## What to produce
Reproduce the records word for word, apart from the images they contain.

[Referring expression grounding data]
--- START ---
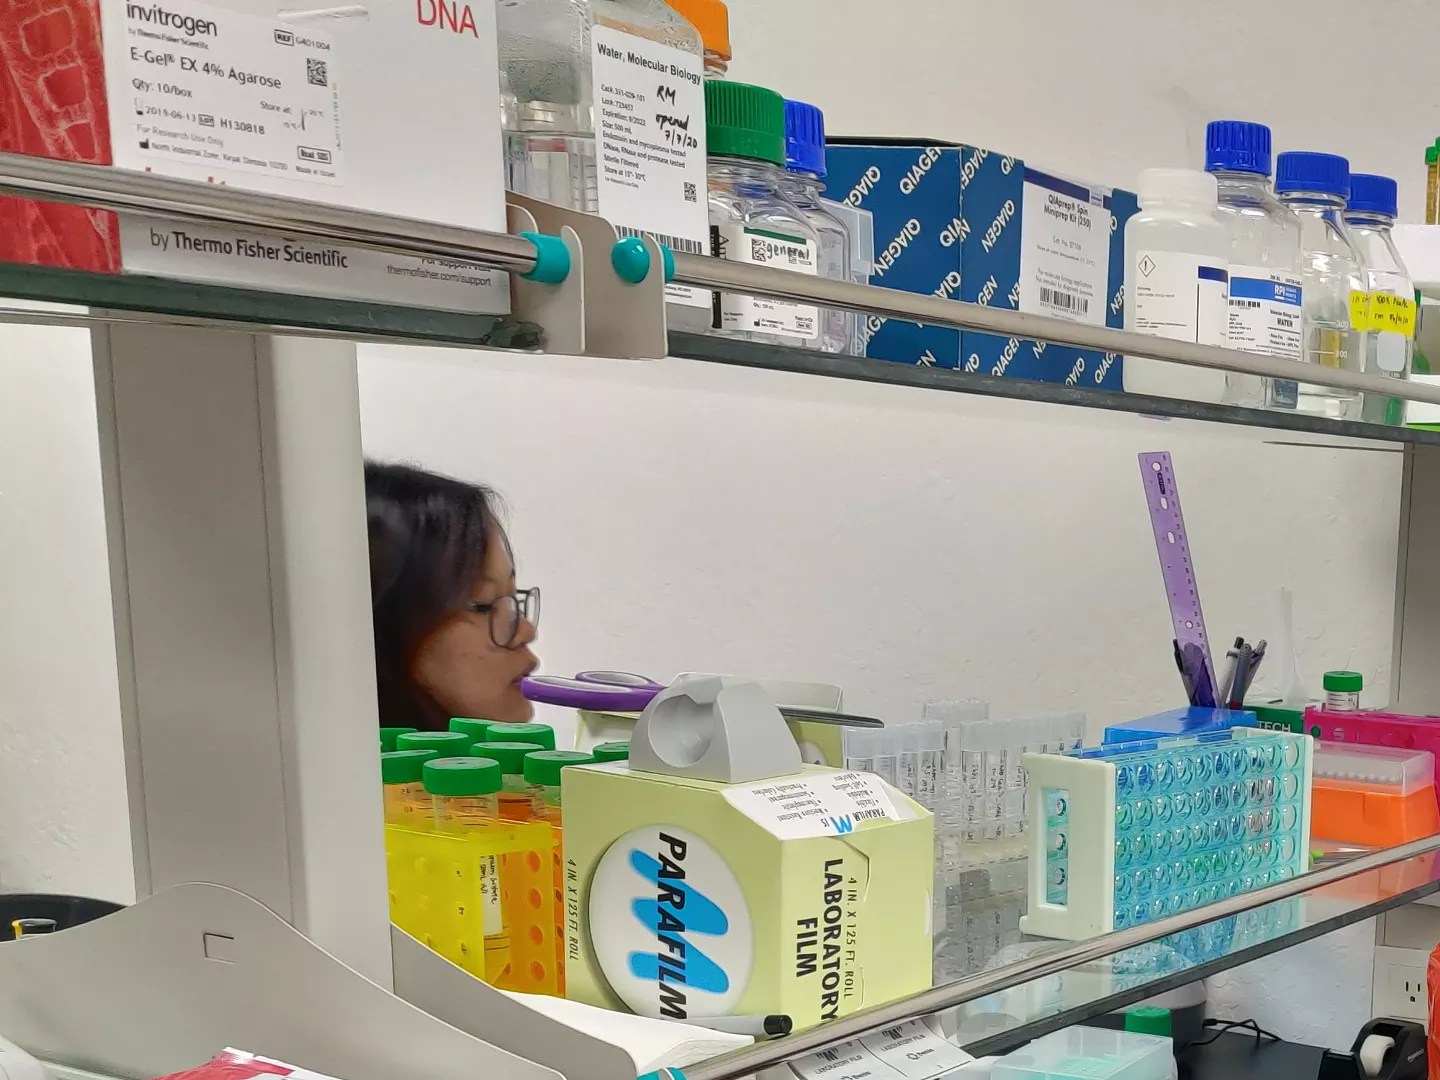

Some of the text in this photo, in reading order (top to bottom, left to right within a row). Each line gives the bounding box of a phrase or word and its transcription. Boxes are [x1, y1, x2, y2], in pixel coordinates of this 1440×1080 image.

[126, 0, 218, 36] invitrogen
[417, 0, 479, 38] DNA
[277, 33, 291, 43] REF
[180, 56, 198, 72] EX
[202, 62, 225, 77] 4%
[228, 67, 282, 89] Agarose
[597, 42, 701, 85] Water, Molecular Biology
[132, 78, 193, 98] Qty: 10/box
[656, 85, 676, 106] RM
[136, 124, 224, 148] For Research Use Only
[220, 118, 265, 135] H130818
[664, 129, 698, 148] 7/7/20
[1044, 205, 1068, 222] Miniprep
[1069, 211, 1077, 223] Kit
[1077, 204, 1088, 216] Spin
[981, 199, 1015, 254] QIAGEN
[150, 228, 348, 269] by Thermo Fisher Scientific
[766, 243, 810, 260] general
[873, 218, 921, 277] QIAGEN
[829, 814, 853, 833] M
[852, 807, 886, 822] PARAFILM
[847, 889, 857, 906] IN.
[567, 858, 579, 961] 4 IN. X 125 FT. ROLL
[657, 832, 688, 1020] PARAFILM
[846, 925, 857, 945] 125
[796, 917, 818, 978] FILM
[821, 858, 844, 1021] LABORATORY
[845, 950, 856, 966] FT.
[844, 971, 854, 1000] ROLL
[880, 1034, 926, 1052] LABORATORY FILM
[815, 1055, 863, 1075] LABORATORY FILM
--- END ---
## Exercise solution
Some of the text in this photo, in reading order (top to bottom, left to right within a row). Each line gives the bounding box of a phrase or word and its transcription. Boxes are [x1, y1, x2, y2], in pixel coordinates of this 1440×1080 image.

[126, 0, 218, 36] invitrogen
[417, 0, 479, 38] DNA
[277, 33, 291, 43] REF
[180, 56, 198, 72] EX
[202, 62, 225, 77] 4%
[228, 67, 282, 89] Agarose
[597, 42, 701, 85] Water, Molecular Biology
[132, 78, 193, 98] Qty: 10/box
[656, 85, 676, 106] RM
[136, 124, 224, 148] For Research Use Only
[220, 118, 265, 135] H130818
[664, 129, 698, 148] 7/7/20
[1044, 205, 1068, 222] Miniprep
[1069, 211, 1077, 223] Kit
[1077, 204, 1088, 216] Spin
[981, 199, 1015, 254] QIAGEN
[150, 228, 348, 269] by Thermo Fisher Scientific
[766, 243, 810, 260] general
[873, 218, 921, 277] QIAGEN
[829, 814, 853, 833] M
[852, 807, 886, 822] PARAFILM
[847, 889, 857, 906] IN.
[567, 858, 579, 961] 4 IN. X 125 FT. ROLL
[657, 832, 688, 1020] PARAFILM
[846, 925, 857, 945] 125
[796, 917, 818, 978] FILM
[821, 858, 844, 1021] LABORATORY
[845, 950, 856, 966] FT.
[844, 971, 854, 1000] ROLL
[880, 1034, 926, 1052] LABORATORY FILM
[815, 1055, 863, 1075] LABORATORY FILM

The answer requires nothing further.